Jones: Graham’s Buttigieg Comments “Out of Step”

Last week, one of President Trump’s loudest defenders in the evangelical community, Franklin Graham, chastised the sexual preference of Democratic presidential candidate Pete Buttigieg. Graham believes homosexuality is a sin and that, according to the Bible, it shouldn’t be praised or flaunted. In an interview with The Washington Post, PRRI CEO and founder Robert P. Jones says that Graham is out of step with the rest of the country. “While Franklin Graham has not changed his tune on LGBT rights in decades, the American public has. Graham’s recent comments about Pete Buttigieg are strongly out of step not only with the country as a whole but with most Christians,” Jones tells Jennifer Rubin. PRRI data indicates that 62% of Americans say gay and lesbian couples should be allowed to marry legally. “That was a 10% increase in support for same-sex marriage from 2015,” Rubin writes, “when a smaller majority (53%) of Americans supported same-sex marriage, and almost four in ten (37%) opposed this policy.”

Evangelicals, Morality, and President Trump

Following their recent analysis of PRRI data by The Washington Post, two Notre Dame professors spoke to HuffPost about how evangelical’s beliefs about politicians’ private immoral behavior has changed over the years, using PRRI data and data from the Cooperative Congressional Election Study. In 1998, America’s largest evangelical denomination passed a resolution declaring that “moral character matters” for public officials. However, evangelical support of Trump suggests that their views on morality have changed dramatically. When asked in 2011, 60% of white evangelicals said that a public official who commits an immoral act in their personal life cannot still behave ethically and fulfill their duties in their public and professional life. By 2016, that number had dropped to 20%.

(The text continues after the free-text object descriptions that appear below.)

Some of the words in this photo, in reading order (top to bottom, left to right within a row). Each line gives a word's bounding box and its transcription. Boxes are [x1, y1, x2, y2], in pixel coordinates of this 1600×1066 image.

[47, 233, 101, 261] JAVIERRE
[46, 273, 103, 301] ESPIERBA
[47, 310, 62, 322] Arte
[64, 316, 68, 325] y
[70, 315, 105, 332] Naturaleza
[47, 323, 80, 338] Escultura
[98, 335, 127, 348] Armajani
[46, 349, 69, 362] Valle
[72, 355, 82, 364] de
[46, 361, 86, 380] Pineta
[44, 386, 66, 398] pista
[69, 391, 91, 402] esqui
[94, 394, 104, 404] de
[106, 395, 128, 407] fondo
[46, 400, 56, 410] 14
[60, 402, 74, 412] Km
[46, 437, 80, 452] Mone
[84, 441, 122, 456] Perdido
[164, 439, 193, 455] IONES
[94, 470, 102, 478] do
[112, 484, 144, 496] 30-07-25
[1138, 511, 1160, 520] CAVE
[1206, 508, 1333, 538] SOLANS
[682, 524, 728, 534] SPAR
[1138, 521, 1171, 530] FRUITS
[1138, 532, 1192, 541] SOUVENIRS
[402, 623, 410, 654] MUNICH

Clyburn Chastises Trump for Robert E. Lee Defense

House Majority Whip James Clyburn (D-SC) criticized President Trump on Sunday, following the president’s praise of Confederate General Robert E. Lee. “Robert E. Lee was a slave owner and a brutal slave master,” Clyburn said. “I find it kind of interesting the president is now glorifying a loser. He always said that he hated losers. Robert E. Lee was a loser.” The removal of a Lee statue was the impetus for a 2017 white nationalist rally where one woman was killed. PRRI data shows that views of Confederate monuments vary starkly by race and ethnicity. More than two-thirds (68%) of white Americans and a majority (54%) of Hispanic Americans agree that Confederate monuments are symbols of Southern pride, compared to only 29% of black Americans.

Olympian Champions the Equality Act

PRRI’s most recent data shows that there is broad support for nondiscrimination protections of LGBT individuals across all 50 states. Nearly seven in 10 (69%) Americans favor laws that would protect LGBT people from discrimination in jobs, public accommodations, and housing. One of those Americans, openly-gay Olympian Adam Rippon, is now calling on Congress to pass the Equality Act. “The message that this legislation really sends to young LGBTQ+ people is that your identity should never be something that you feel is gonna hold you back,” Rippon says in a video released by the Human Rights Campaign. “That’s why we need to pass the Equality Act now.”